La presión emocional, la amargura y el sufrimiento eran tan grandes que, según estudiosos, los vasos sanguíneos del Señor Jesús se rompieron y los poros se dilataron, dando origen a ese fenómeno, considerado por la medicina como algo raro. El sudor de nuestro Salvador se convirtió en grandes gotas de sangre que rodaban hasta el suelo. Lucas, que era médico, sabía bien que aquello era algo fuera de lo normal; por eso, al oír el relato de lo que había sucedido con el Salvador, lo registró diligentemente, para que pudiéramos intentar mensurar lo que pasó en el alma del Hijo de Dios en aquel instante.

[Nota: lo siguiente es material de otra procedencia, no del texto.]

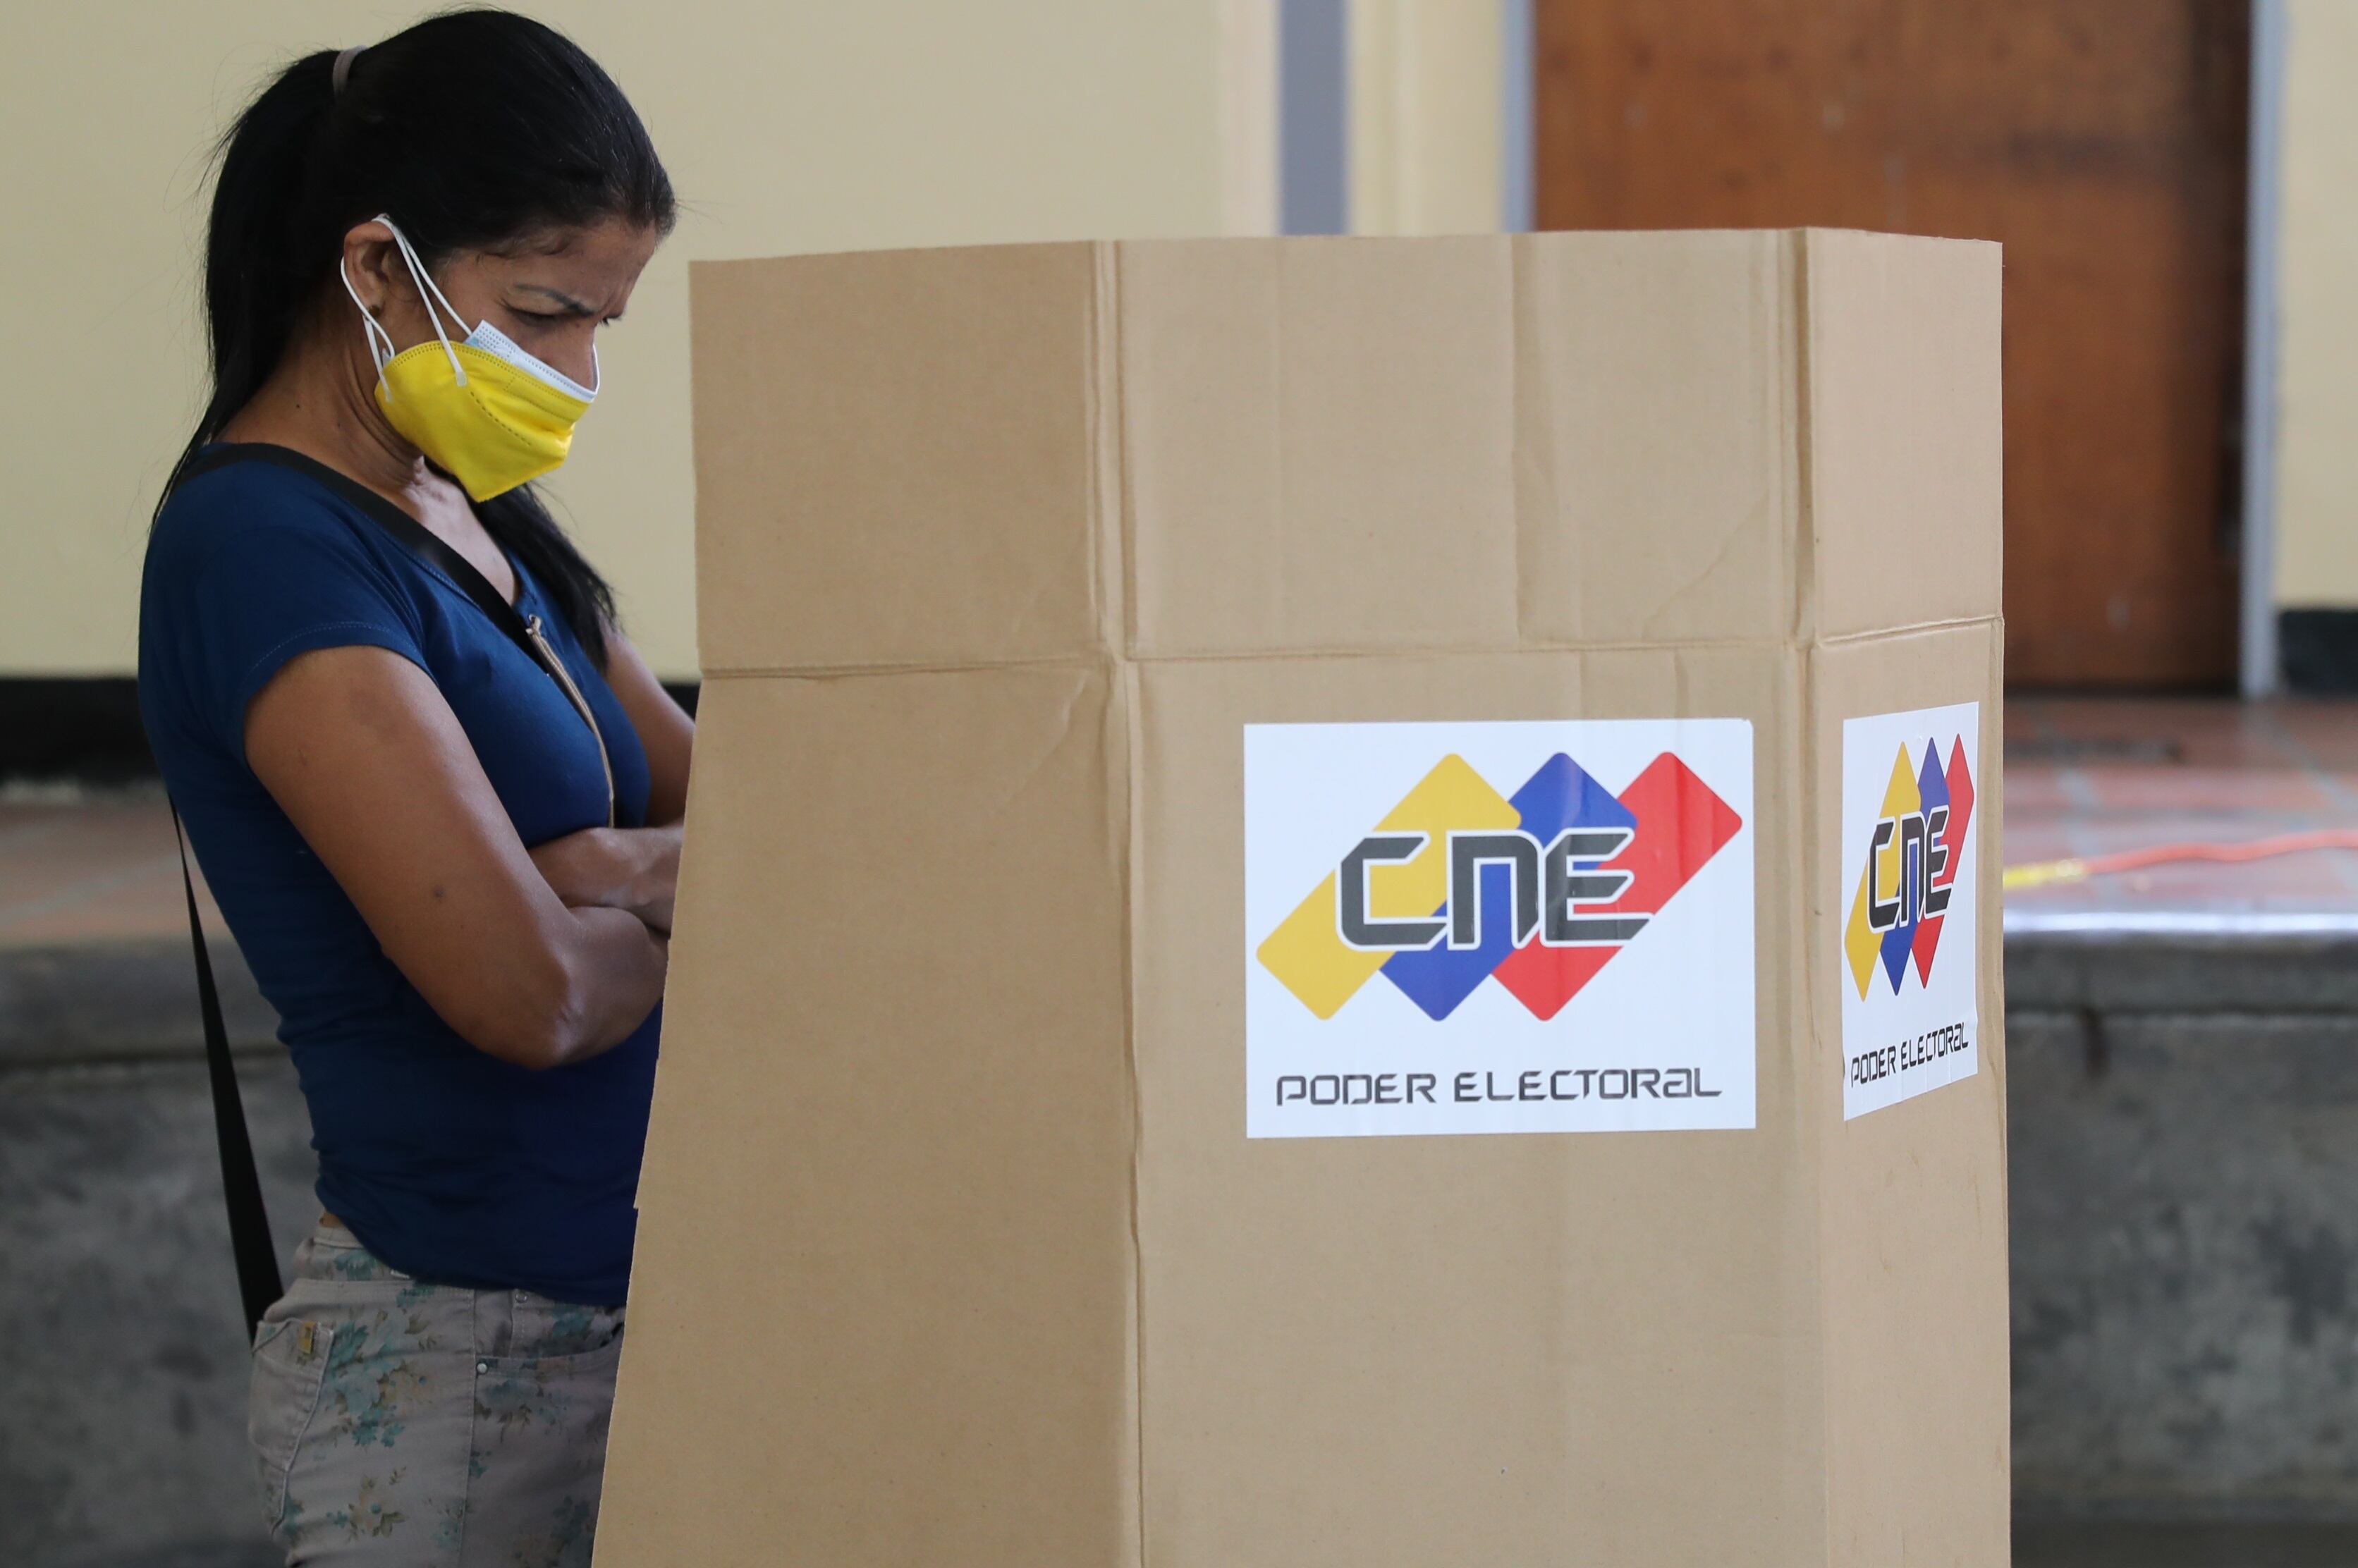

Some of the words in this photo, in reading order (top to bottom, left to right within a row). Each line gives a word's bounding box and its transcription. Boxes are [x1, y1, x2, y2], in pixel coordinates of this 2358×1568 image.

[1340, 833, 1649, 945] CNE
[1869, 809, 1952, 929] CNE
[1276, 1073, 1437, 1106] PODER
[1453, 1067, 1722, 1103] ELECTORAL
[1851, 1046, 1896, 1088] PODER
[1900, 1022, 1969, 1071] ELECTORAL

El Señor Jesús luchó intensamente y no permitió que Sus deseos o Sus emociones gobernaran Su vida, como sucede con la mayoría de las personas. Aun gimiendo, Él oró: “(…) pero no sea como Yo quiero, sino como Tú quieras” (Mateo 26:39).

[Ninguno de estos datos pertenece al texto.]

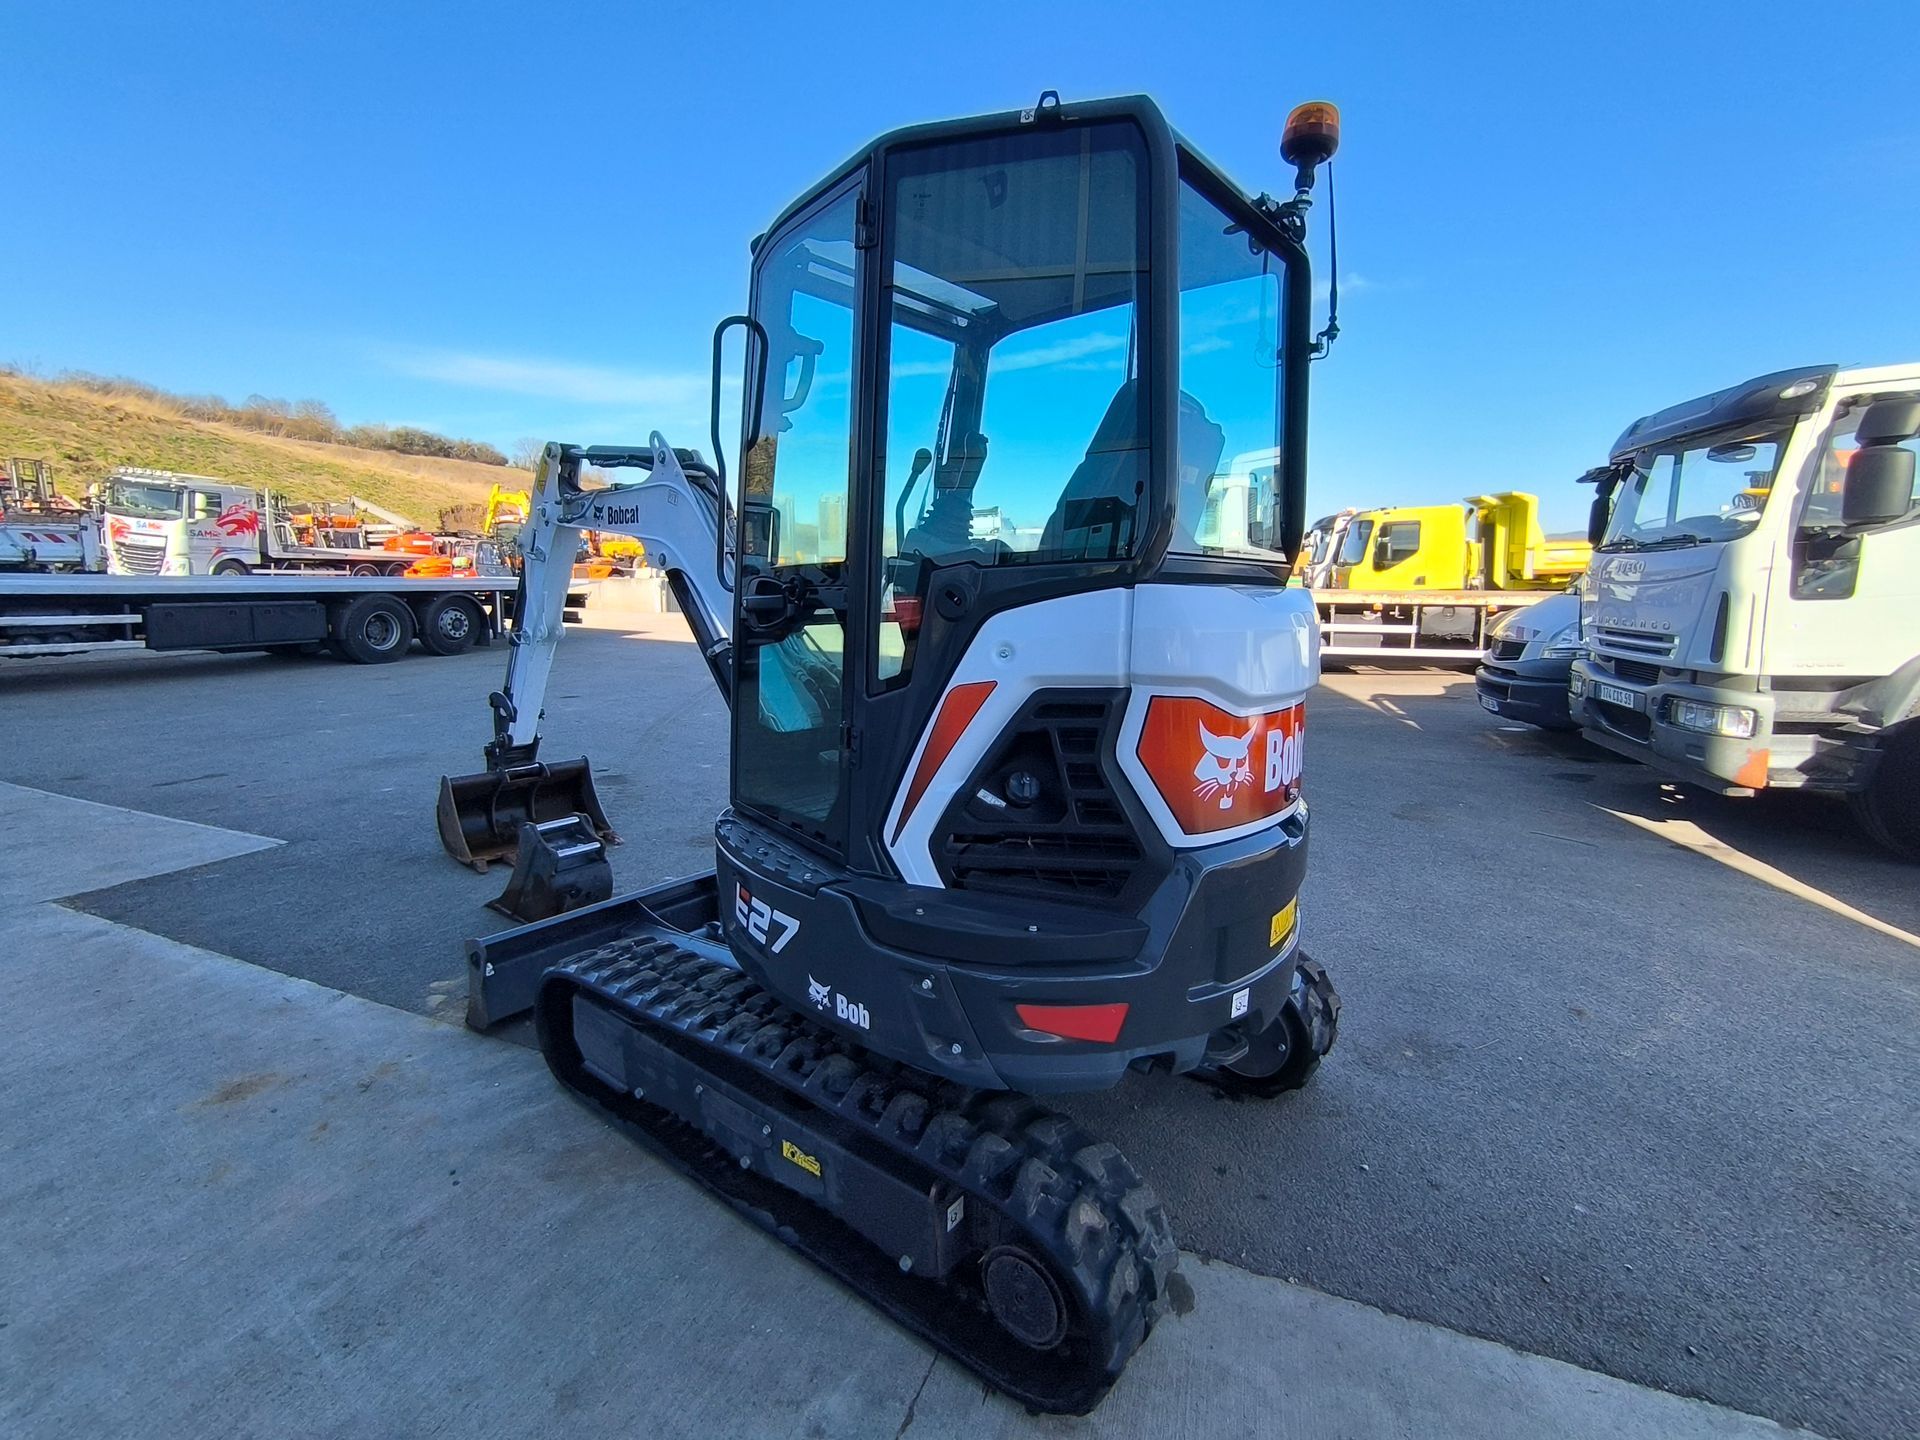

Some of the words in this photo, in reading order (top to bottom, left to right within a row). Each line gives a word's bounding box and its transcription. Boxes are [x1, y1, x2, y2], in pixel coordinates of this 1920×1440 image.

Aquella copa era extremadamente difícil de beber debido al penoso sacrificio que tendría que hacer; sin embargo, no la rechazó.

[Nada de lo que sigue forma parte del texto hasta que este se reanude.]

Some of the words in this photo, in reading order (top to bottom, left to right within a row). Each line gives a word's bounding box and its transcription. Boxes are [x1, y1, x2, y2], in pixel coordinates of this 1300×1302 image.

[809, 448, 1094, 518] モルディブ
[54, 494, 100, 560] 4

La oración hecha por Jesús, momentos antes de Su muerte, es prácticamente ignorada por la mayoría de los cristianos. A muchos no les gusta hacerla, porque, si hay algo presente en la naturaleza humana desde la tierna infancia, es el deseo de hacer su propia voluntad y decidir todo por sí mismo. Por el hecho de que la insubordinación es una característica espontánea en nosotros desde pequeños, Dios tuvo que establecer un Mandamiento para que los hijos obedezcan a sus padres. Por lo tanto, quien de hecho no se entrega al Altísimo, pasa toda la vida idolatrando a su propio ego y haciendo todo a su manera.

Notamos, entonces, que, para hacer la voluntad de Dios, tenemos que liberarnos de nuestra propia voluntad, y nada es más difícil para el ser humano que eso. Por ese motivo, la primera actitud del Señor Jesús, al venir a este mundo, fue vaciarse de Sí mismo. Es decir, para hacer la voluntad del Padre, el Hijo tuvo que renunciar a cualquier deseo propio, de lo contrario no hubiera logrado obedecer a Dios. Eso muestra que no hay cómo sujetarnos a la voluntad de Dios sin contrariarnos a nosotros mismos. Esta es nuestra mayor lucha, y sucede en nuestro interior.

Renunciar a lo que creemos, pensamos o queremos en pro de la voluntad de Dios es la forma más eficiente de revelar el tamaño de nuestra disposición y fe.